For instance, iDEAN begins its engagement with clients in a rather counterintuitive manner. Instead of merely answering and validating the questions a client comes with, the iDEAN team begins by asking difficult questions to surface the crux of the problem instead of solving the symptoms. An engagement with iDEAN focuses more on funnel, growth, niche, blue ocean, growth hacking, positioning, etc., than trying to find short-term fixes for long-term challenges.
Let us explain the approach using a common scenario we often see in Dhaka. A company is spending real money on marketing. It has an agency on retainer, media campaigns running, and a well-maintained content calendar. The team is working hard. And yet revenue is either flat or growing more slowly than the spending suggests it should. The management's working diagnosis is usually some version of: the campaigns aren't good enough, or the agency isn't good enough, or we need more budget.

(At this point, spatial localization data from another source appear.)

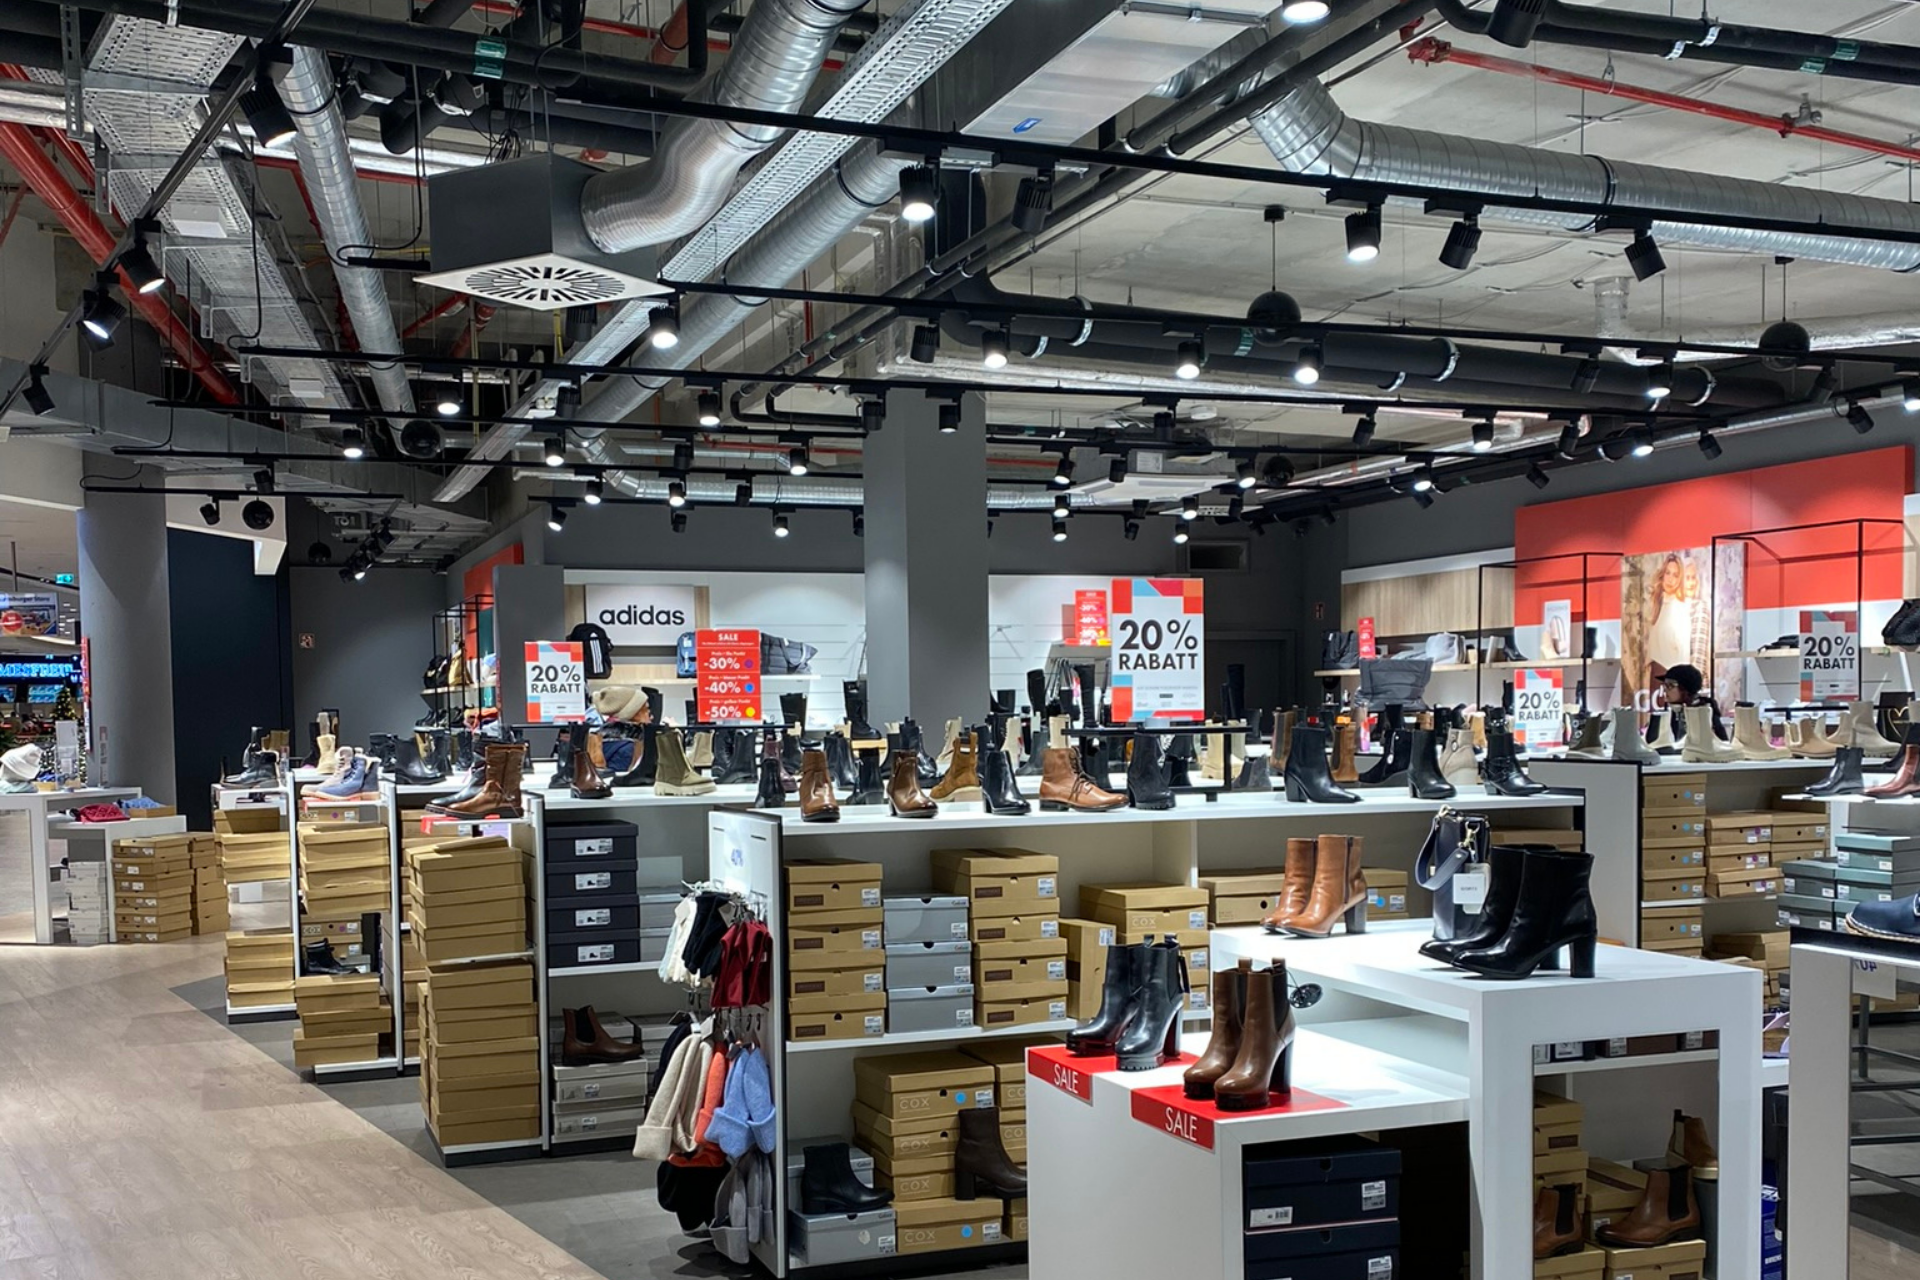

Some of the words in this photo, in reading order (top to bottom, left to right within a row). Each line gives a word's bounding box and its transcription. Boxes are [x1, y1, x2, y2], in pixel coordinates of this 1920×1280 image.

[599, 605, 685, 626] adidas
[718, 633, 739, 642] SALE
[1119, 619, 1198, 651] 20%
[1804, 636, 1855, 657] 20%
[703, 657, 741, 670] -30%
[1119, 653, 1199, 670] RABATT
[1803, 658, 1855, 669] RABATT
[531, 665, 581, 683] 20%
[531, 683, 581, 694] RABATT
[704, 681, 742, 694] -40%
[1519, 691, 1560, 709] 20%
[705, 705, 742, 718] -50%
[1519, 710, 1561, 720] RABATT
[1132, 917, 1156, 927] COX
[1053, 1063, 1079, 1094] SALE
[1007, 1087, 1026, 1099] CO
[900, 1097, 930, 1110] COX
[1165, 1107, 1197, 1141] SALE
[1004, 1128, 1024, 1139] CO
[900, 1139, 931, 1152] COX
[900, 1178, 931, 1192] COX
[904, 1230, 936, 1243] COX

iDEAN Consulting approaches the diagnosis differently. The firm begins by questioning the obvious version of the problem. In most of these cases, the campaigns are not the problem. Often, something fundamental is not working. The strategy doesn’t have real legs. The offer architecture, the customer journey, the absence of a retention strategy, or sometimes a product-market fit issue that no campaign budget can fix. "Often, we find that marketing is not the problem at all," says Mark Anupom Mollick, iDEAN's founder. "It's product-market fit or operations, broadly strategy." iDEAN usually begins by trying to understand that fundamental problem first and right orient the strategy.

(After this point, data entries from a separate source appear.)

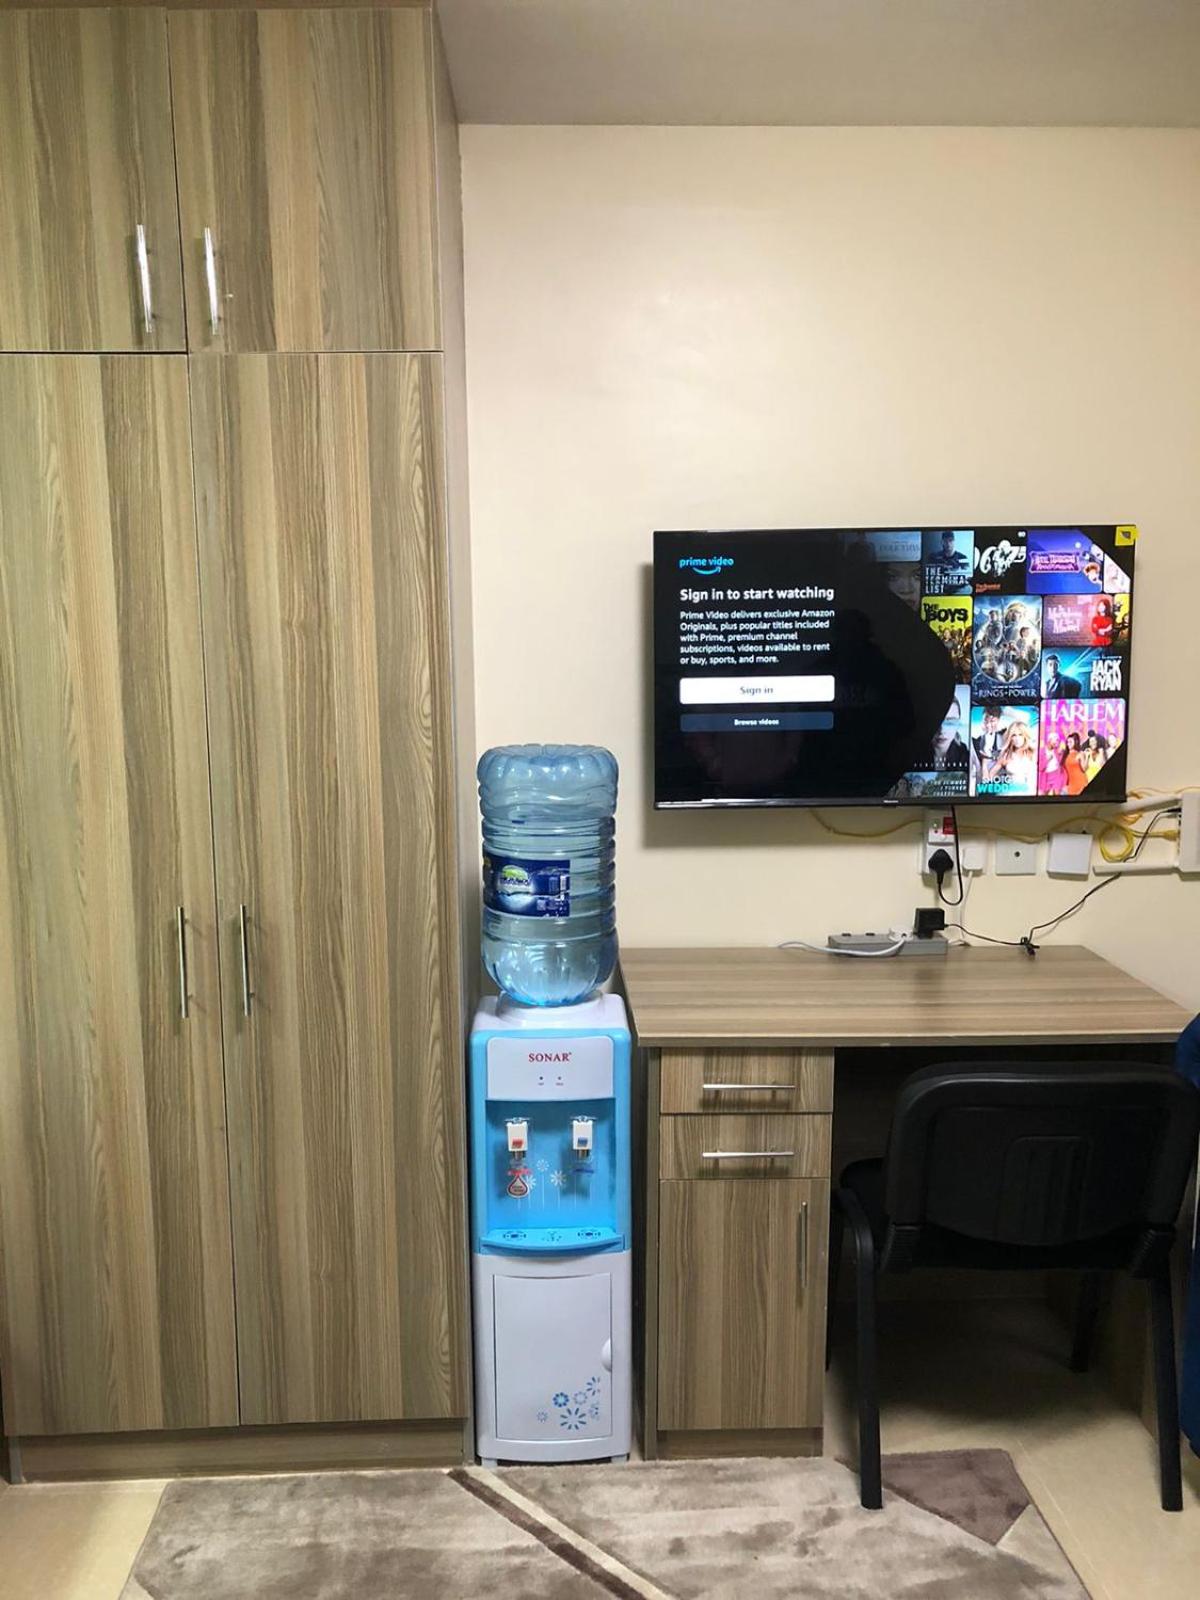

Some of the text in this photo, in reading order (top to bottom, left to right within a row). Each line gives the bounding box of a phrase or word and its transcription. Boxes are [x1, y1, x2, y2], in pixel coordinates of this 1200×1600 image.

[679, 556, 734, 568] prime video
[925, 567, 942, 576] THE
[680, 586, 835, 603] Sign in to start watching
[925, 584, 944, 594] LIST
[680, 609, 835, 619] Prime Video delivers exclusive Amazon
[922, 603, 939, 613] THE
[927, 608, 968, 623] BOYS
[680, 620, 830, 632] Originals, plus popular titles included
[680, 631, 798, 643] with Prime, premium channel
[680, 643, 830, 654] subscriptions, videos available to rent
[680, 654, 779, 666] or buy, sports, and more.
[1092, 660, 1122, 673] JACK
[1090, 672, 1122, 691] RYAN
[740, 684, 774, 696] Sign in
[1008, 689, 1037, 697] POWER
[1041, 702, 1125, 722] HARLEM
[734, 718, 780, 726] Browse videos
[528, 1052, 569, 1063] SONAR

This is only one aspect of how iDEAN works. The firm says that over the years, it has developed a distinct engagement model, unique frameworks, and a practical philosophy to deliver services to its customers. If you are a business owner or executive who has considered working with a strategy consultant but has never done it before, or who has worked with agencies and found the results unsatisfying, this is worth reading before you make a decision.

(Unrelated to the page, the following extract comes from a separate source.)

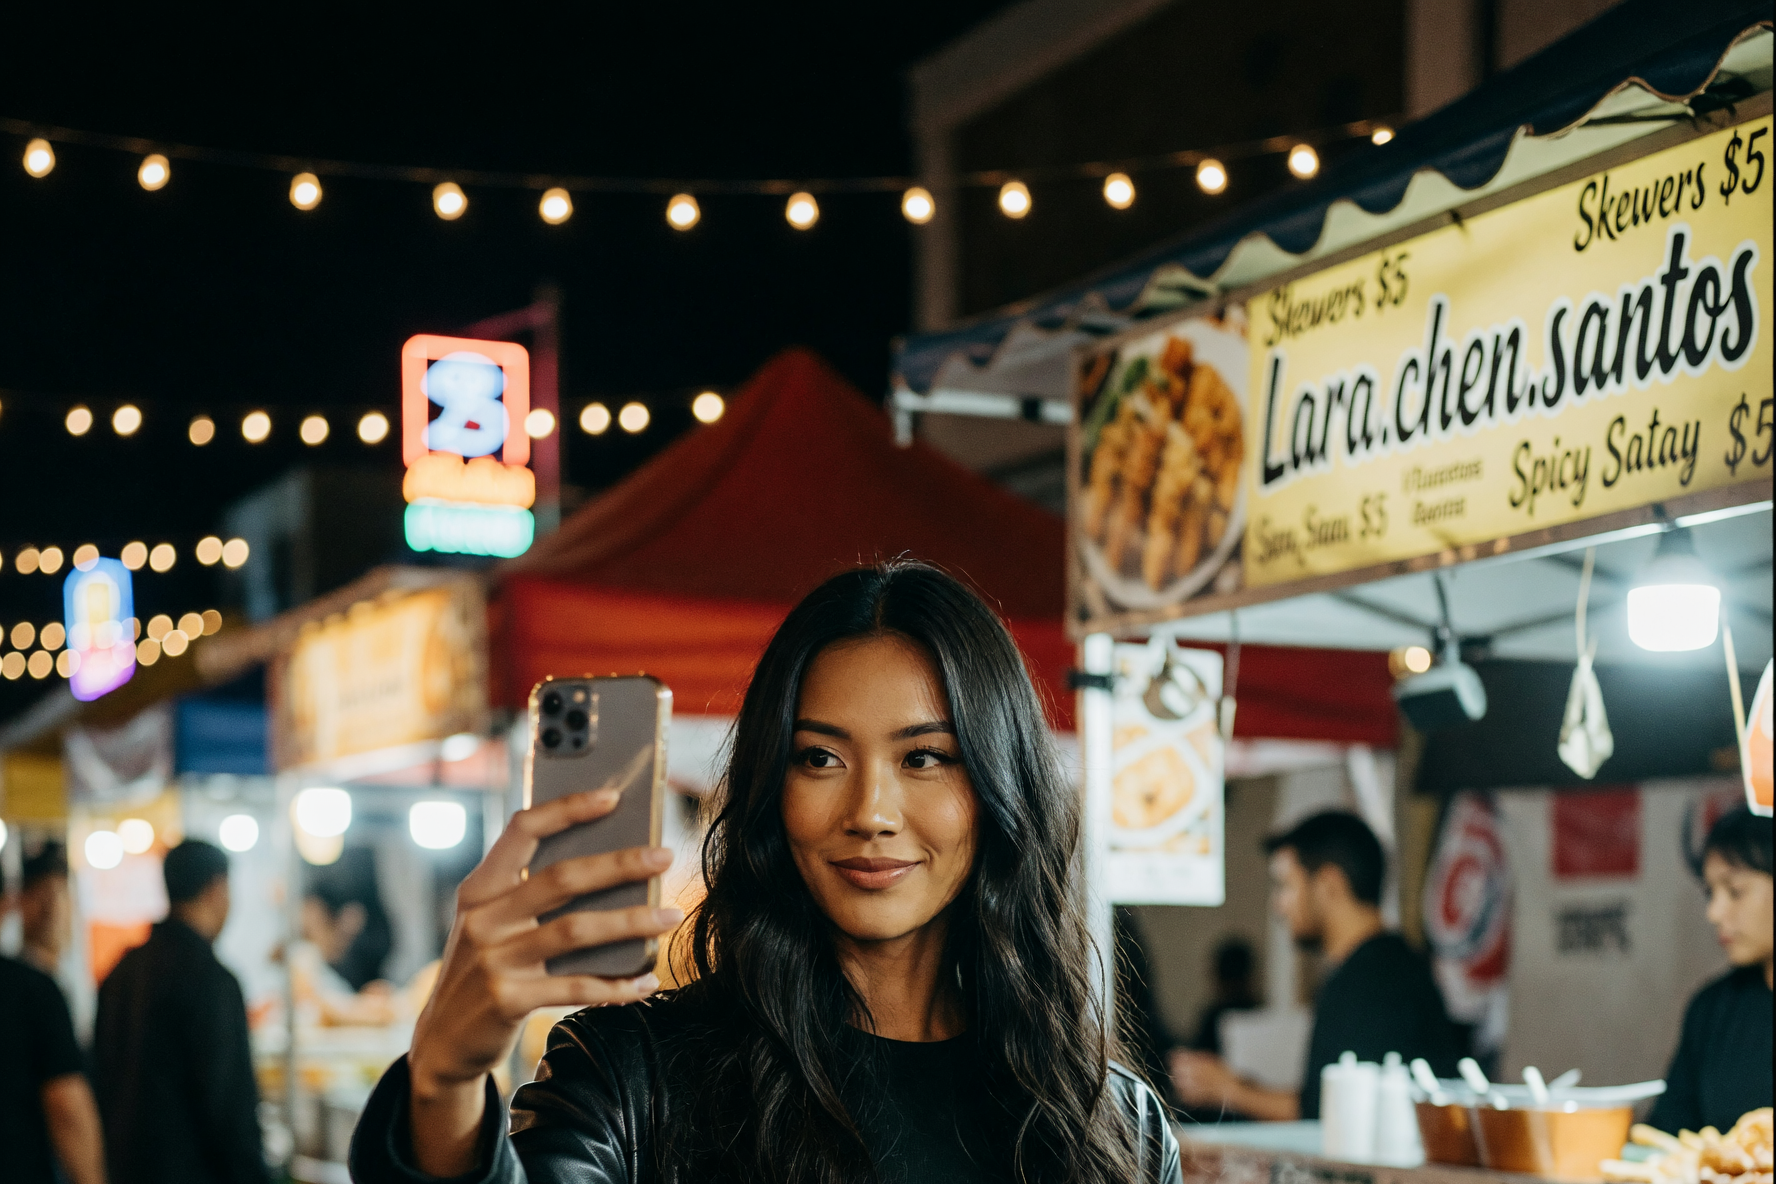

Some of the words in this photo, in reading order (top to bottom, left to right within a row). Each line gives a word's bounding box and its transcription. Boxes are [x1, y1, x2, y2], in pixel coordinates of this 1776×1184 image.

Anupom tells us that at the beginning of an engagement, most businesses approach iDEAN with a symptoms-level explanation of their problem. Sales are down. Growth has plateaued. A product launch didn't perform. A competitor is gaining ground. The businesses usually seek a quick solution. Some sort of tactical mastery that would transform their digital marketing, fix their funnels, and help them find more customers.
iDEAN's starting position, however, is that the tactical solution is rarely the right starting point. For a client, that is not always something pleasant to hear. But to iDEAN team, the discipline to resist the shortcut, to stay upstream of execution long enough to identify the real problem, is what separates strategy consulting from agency work. An agency's job is to execute what you tell them. A strategy consultant's job is to figure out what you should be telling them in the first place.
An iDEAN engagement almost always begins with questions the client didn't expect. Not "what's your ad budget" but "who, specifically, is your customer, described precisely enough to predict their behavior?" Not "what content are you producing," but "what happens to a customer after their first purchase, do you have a system for keeping them, or are you spending to acquire them again?" Not "how is your campaign performing" but "what is your offer, and is the offer actually right for the customer you're trying to serve?" The initial discussion invariable turn to funnel, growth, niche, blue ocean, growth hacking, positioning, etc.
These questions feel slow at the start of a relationship. More so when a client comes with a problem and wants immediate action. However, that is a misunderstanding of how real, meaningful solutions work. A campaign built on top of a misdiagnosed problem compounds the problem rather than solving it. The fastest path to results is often the difficult path of identifying the core problem and solving it. It is not always easy. It can be time-consuming sometimes. But it is always the winning strategy.
By extension of its approach to problem diagnosis, one of the useful things iDEAN has figured out over the years of consulting is that every business doesn’t benefit equally from consulting. This sounds like an obvious observation, and it has significantly shaped how the firm operates and who it takes on as clients. Companies that make the best use of iDEAN's consulting are mid-size to large corporations with teams capable of implementing strategic recommendations.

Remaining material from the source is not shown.